Researchers have found a new possible target that could help create a type of anti-malarial drug.
Researchers, led by Lars Bode, PhD, assistant professor in the University of California, San Diego School of Medicine (UCSD) Department of Pediatrics have found a key compound called ML276 that could stop the malaria-causing parasite from developing in the human body.
Malaria is caused by Plasmodium parasites. The parasites are spread to people through the bites of infected Anopheles mosquitoes, called "malaria vectors," which bite mainly between dusk and dawn, according to World Health Organization.
In the present study, researchers screened around 350,000 compounds in the National Institutes of Health's Molecular Libraries Small Molecule Repository (MLSMR) to determine what compounds could be used against a key enzyme called Plasmodium falciparum glucose-6-phosphate dehydrogenase (G6PD) that helps the parasite flourish in the human blood.
"The enzyme G6PD catalyzes an initial step in a process that protects the malaria parasite from oxidative stress in red blood cells, creating an environment in which the parasite survives," said Bode.
Researchers chose this G6PD enzyme because previous research has shown that people who have lower levels of this enzyme in the body are naturally resistant to malaria.
In the present study, researchers focused on finding a compound against the parasitic G6PD enzyme rather than the G6PD enzyme that naturally occurs in humans.
"We didn't want to interfere with the human form of the enzyme and risk potential side effects," Bode explained.
According to them the compound ML276 can be used against the enzyme found in parasite to prevent the parasite from growing in the human blood.
"ML276 is a very promising basis for future drug design of new anti-malarial therapeutics," said Bode.

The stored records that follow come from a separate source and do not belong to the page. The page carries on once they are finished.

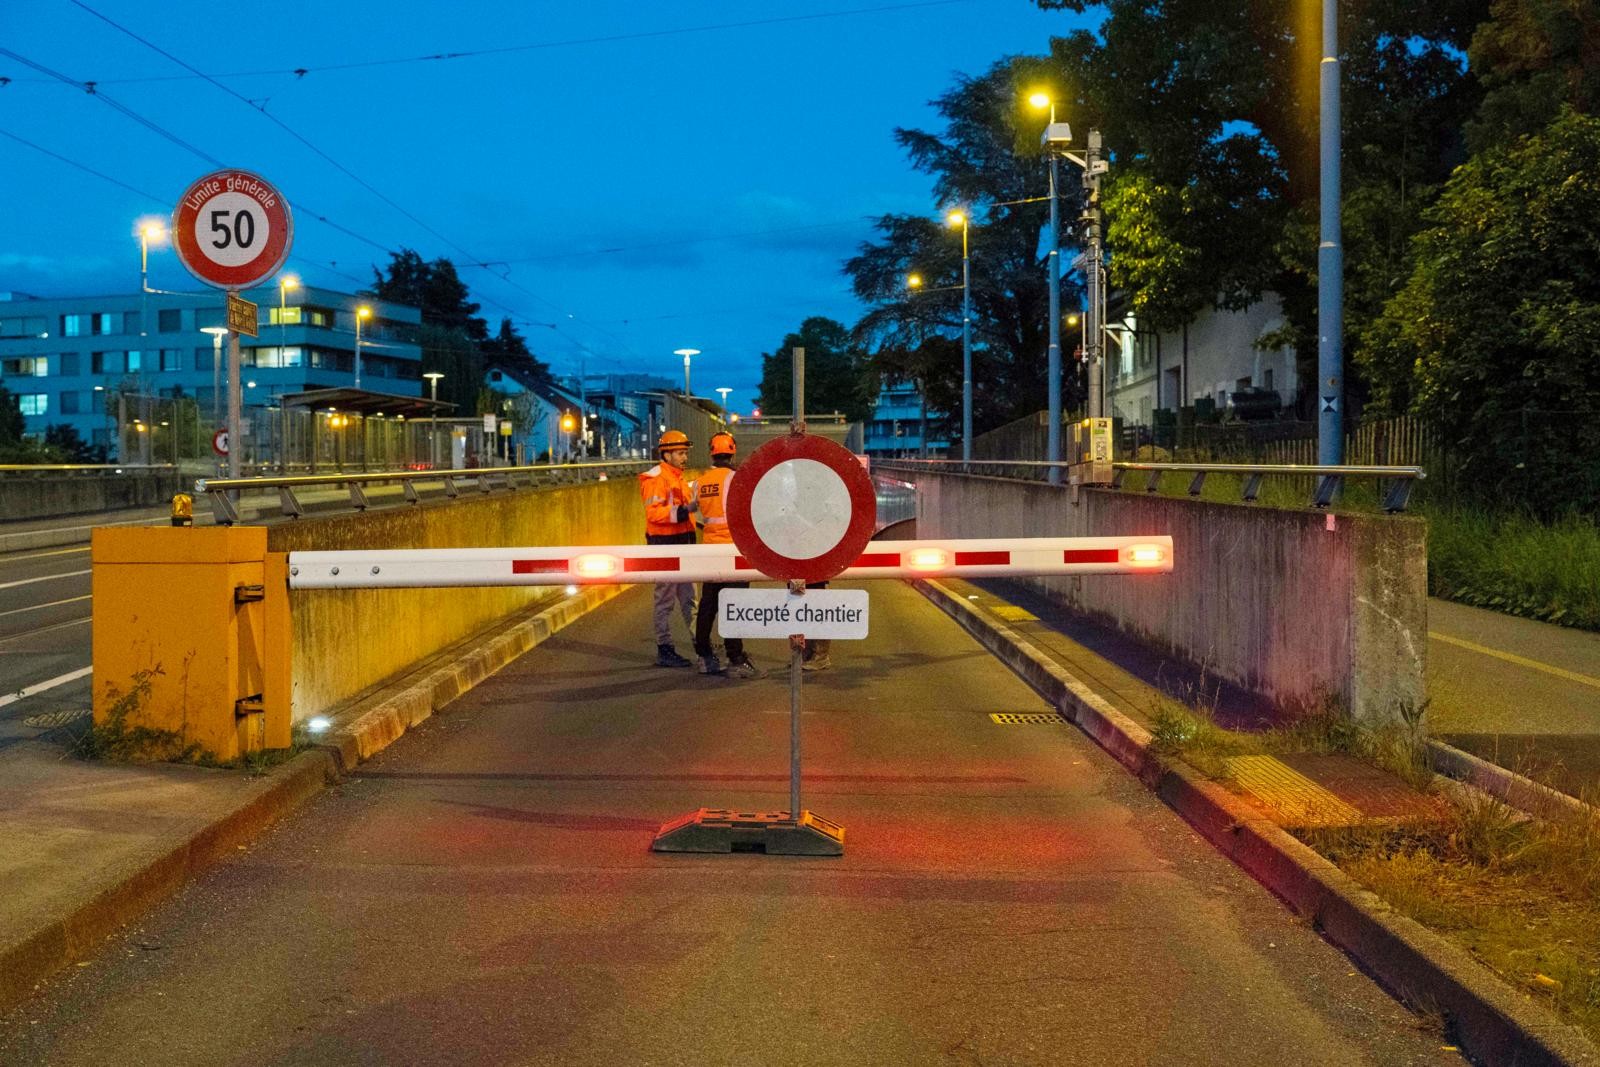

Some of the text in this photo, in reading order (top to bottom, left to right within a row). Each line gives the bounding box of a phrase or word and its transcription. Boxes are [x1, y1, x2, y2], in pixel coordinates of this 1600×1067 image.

[185, 175, 275, 211] Limite générale
[211, 209, 255, 249] 50
[700, 484, 720, 494] GTS
[726, 603, 862, 626] Excepté chantier
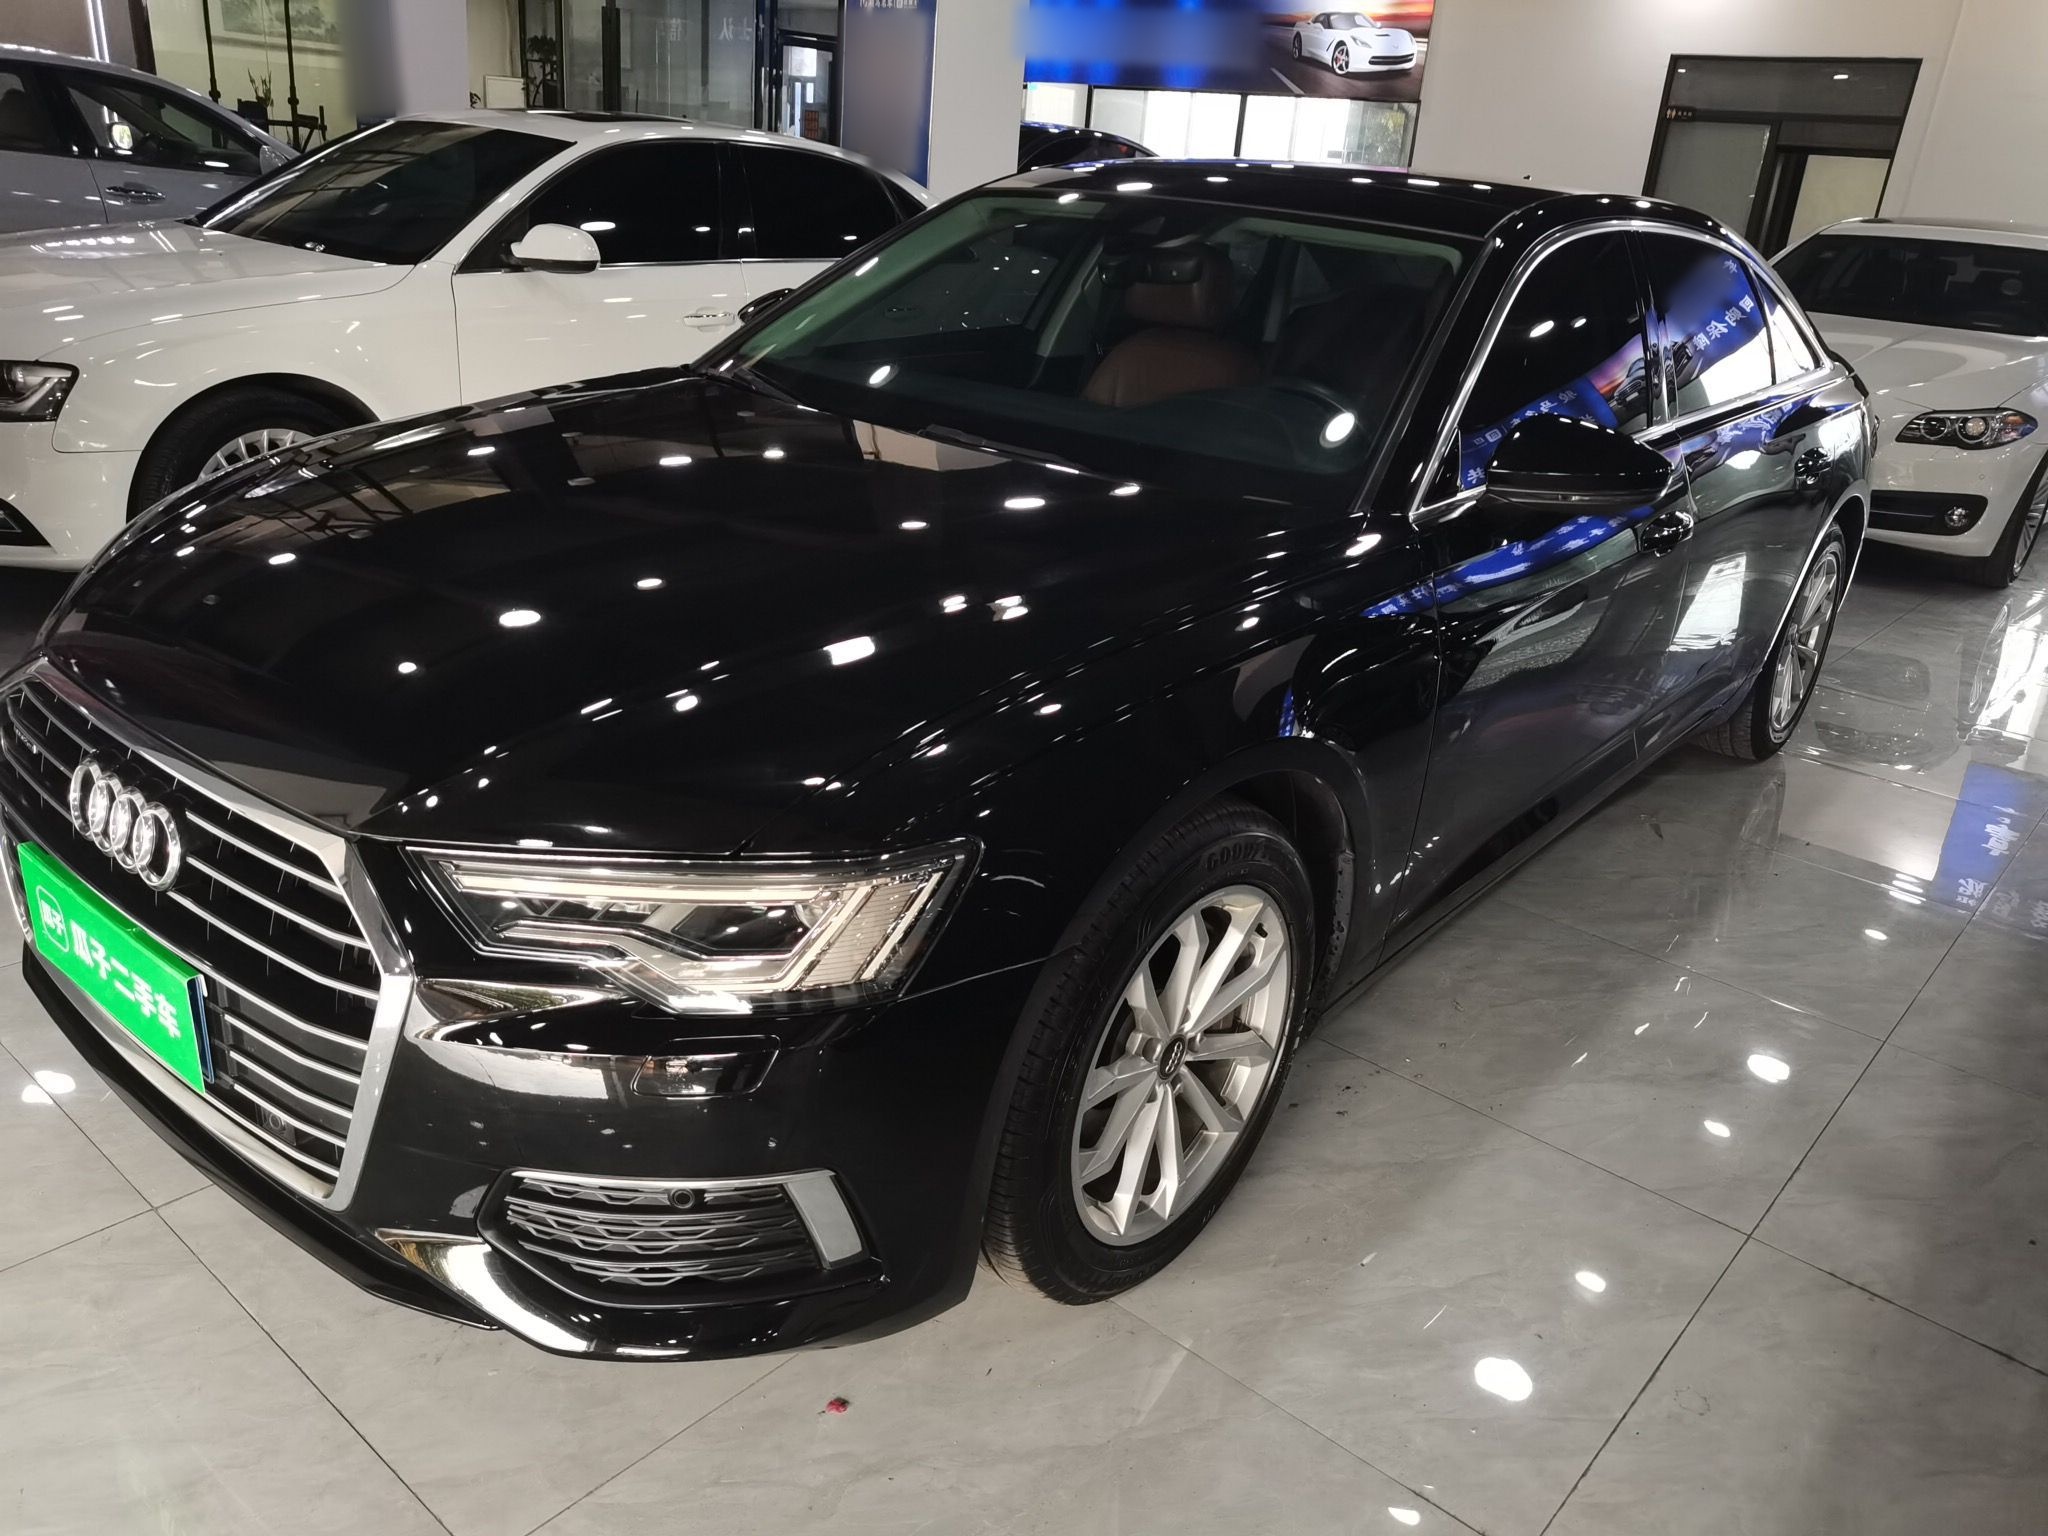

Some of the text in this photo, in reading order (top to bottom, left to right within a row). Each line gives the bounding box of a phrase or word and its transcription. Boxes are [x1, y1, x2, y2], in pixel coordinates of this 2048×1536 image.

According to a report by World Health Organization, some 216 people were infected with malaria in the year 2010 and an estimated 655,000 died from the disease. Even today, a child dies every minute in Africa due to this disease.
Malaria is curable yet many people keep dying from it every year because most of the people in the developing countries don't have access to genuine anti-malarial drugs and strains of the parasite are getting resistant to these drugs.
According to the present study, ML276 will be effective against those parasites which have become resistant to currently available anti-malarial drugs.